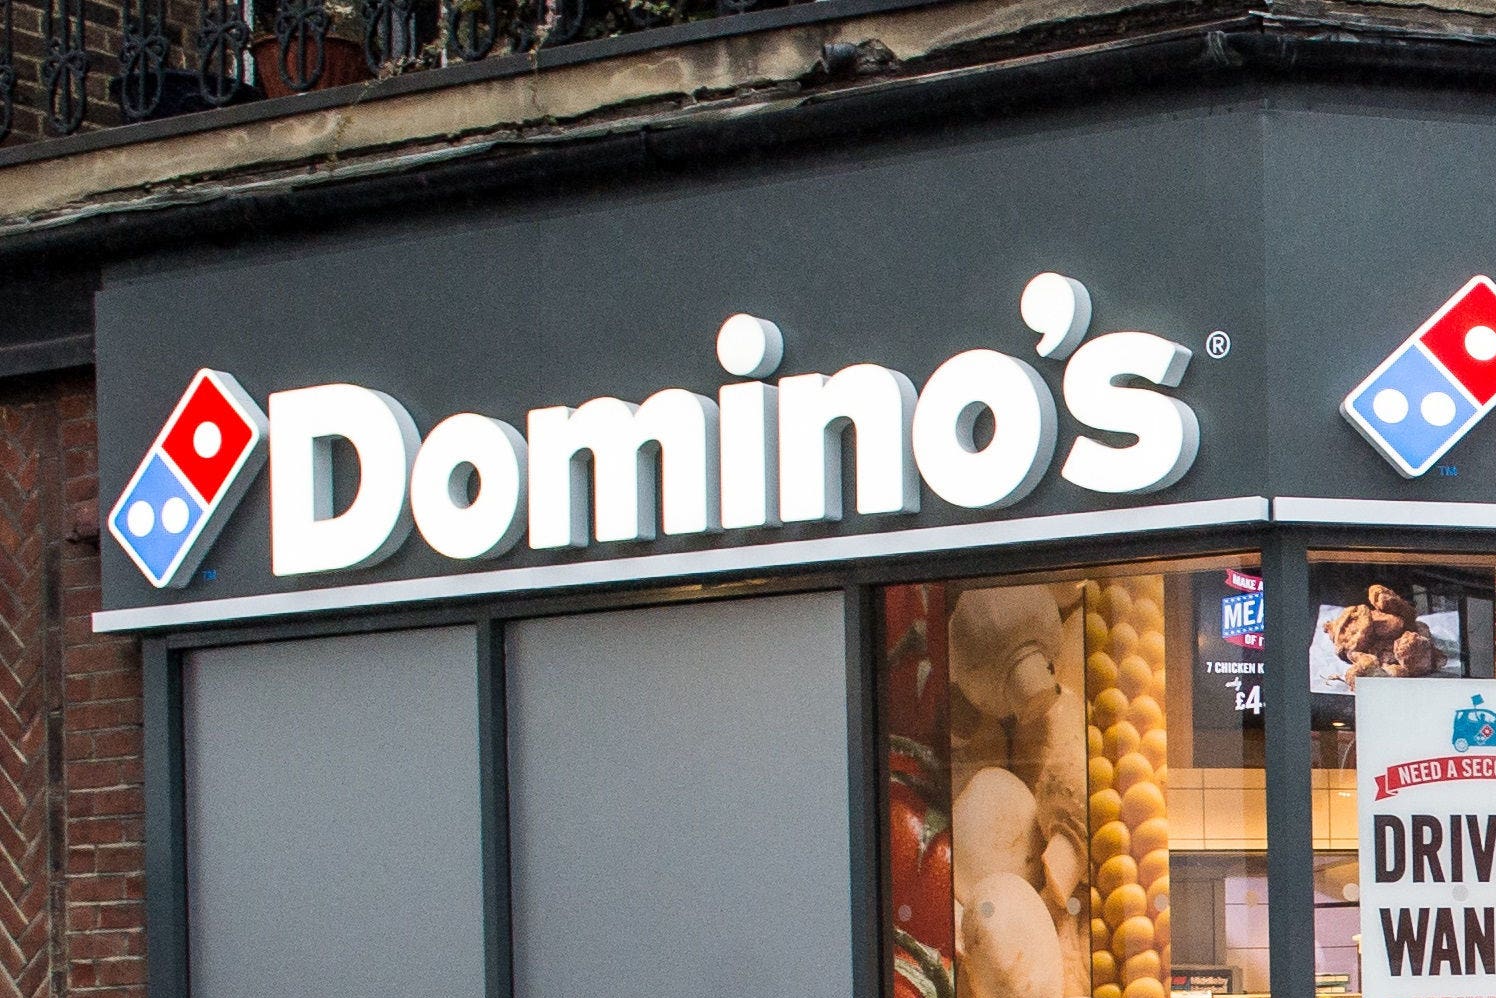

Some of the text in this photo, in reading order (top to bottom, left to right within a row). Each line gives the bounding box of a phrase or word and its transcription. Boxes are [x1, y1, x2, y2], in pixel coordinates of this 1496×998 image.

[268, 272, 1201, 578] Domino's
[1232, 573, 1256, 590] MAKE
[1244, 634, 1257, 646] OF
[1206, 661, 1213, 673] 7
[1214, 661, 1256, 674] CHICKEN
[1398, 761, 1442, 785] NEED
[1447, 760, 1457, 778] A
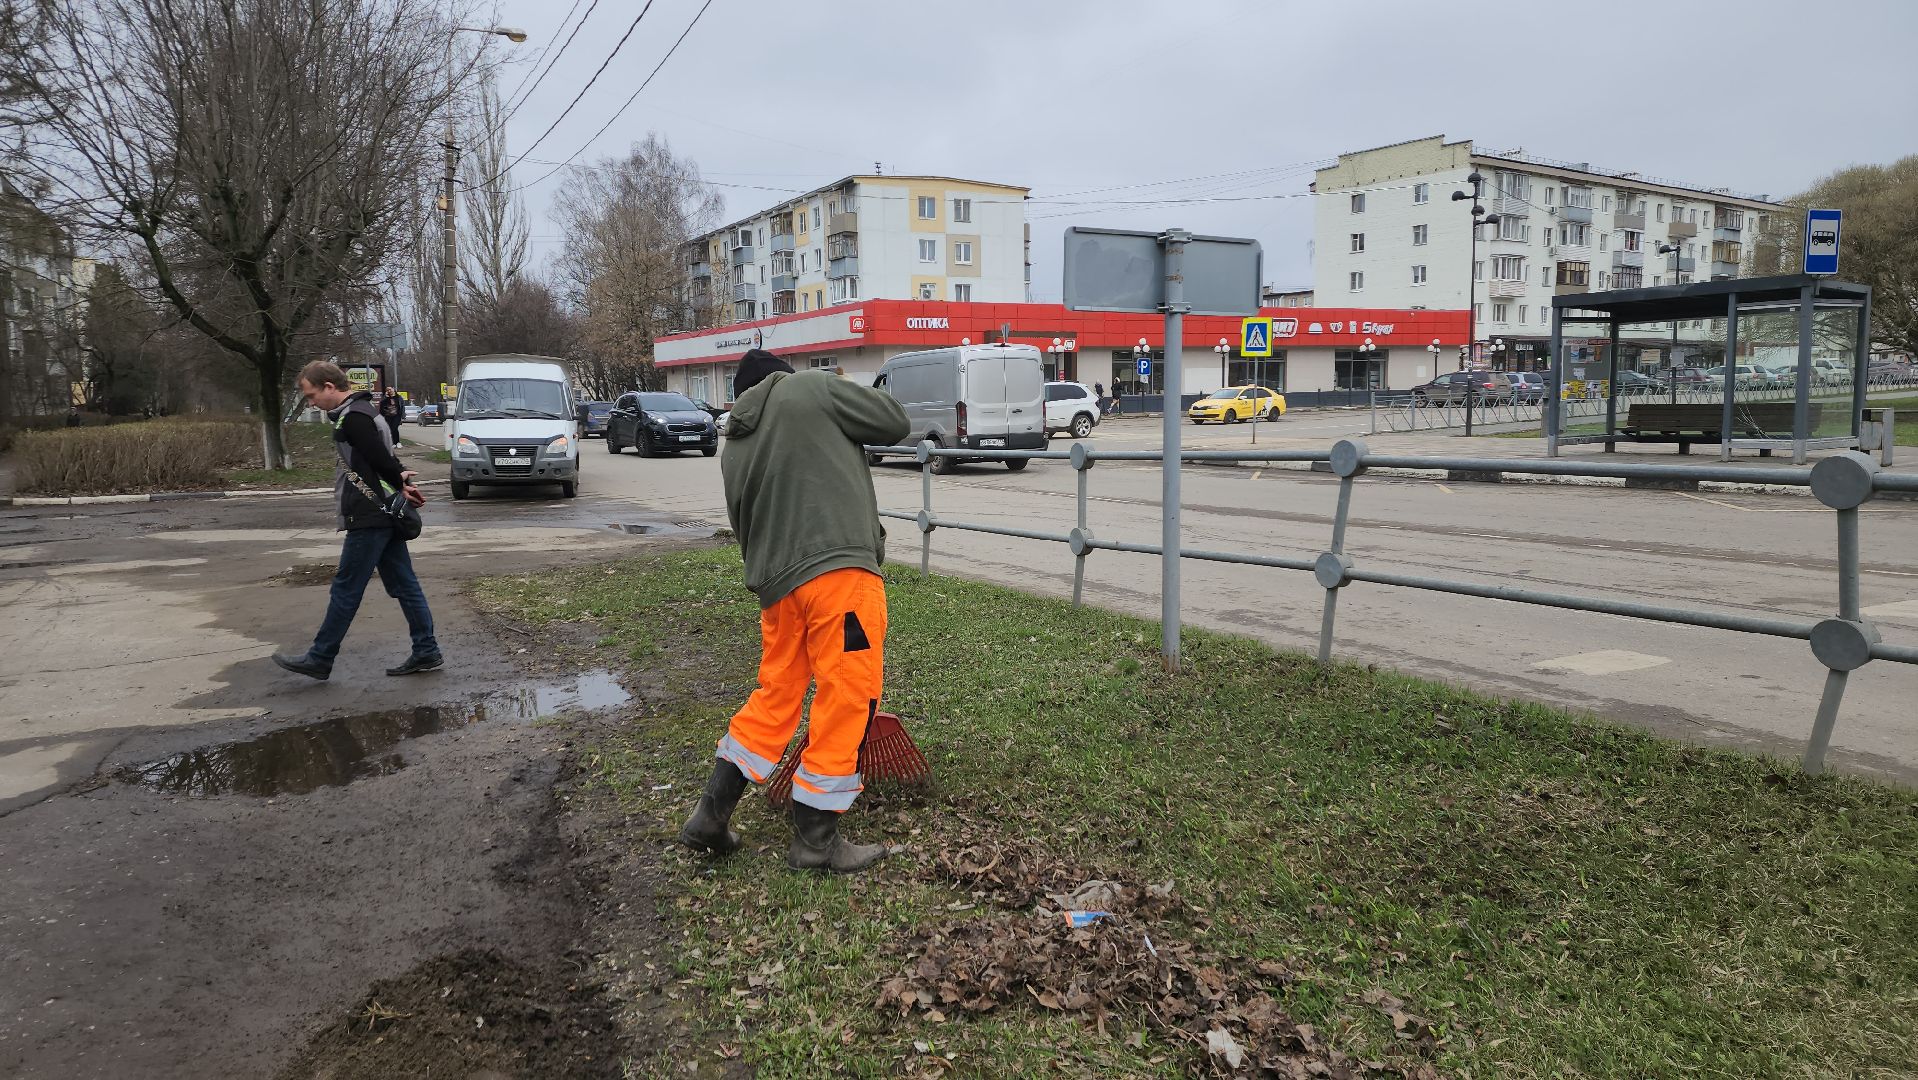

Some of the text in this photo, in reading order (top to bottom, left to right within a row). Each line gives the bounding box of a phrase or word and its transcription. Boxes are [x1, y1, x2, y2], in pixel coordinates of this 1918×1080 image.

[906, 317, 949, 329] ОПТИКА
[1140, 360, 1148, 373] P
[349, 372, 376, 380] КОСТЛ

--------

§ **TASK TO COMPLETE**:
Find the line that contains "this 1918×1080 image.". Restate it and all lines after it exactly, ending with the final line of the data.

§ **SOLUTION FOR THIS EXERCISE**:
Some of the text in this photo, in reading order (top to bottom, left to right within a row). Each line gives the bounding box of a phrase or word and its transcription. Boxes are [x1, y1, x2, y2], in pixel coordinates of this 1918×1080 image.

[906, 317, 949, 329] ОПТИКА
[1140, 360, 1148, 373] P
[349, 372, 376, 380] КОСТЛ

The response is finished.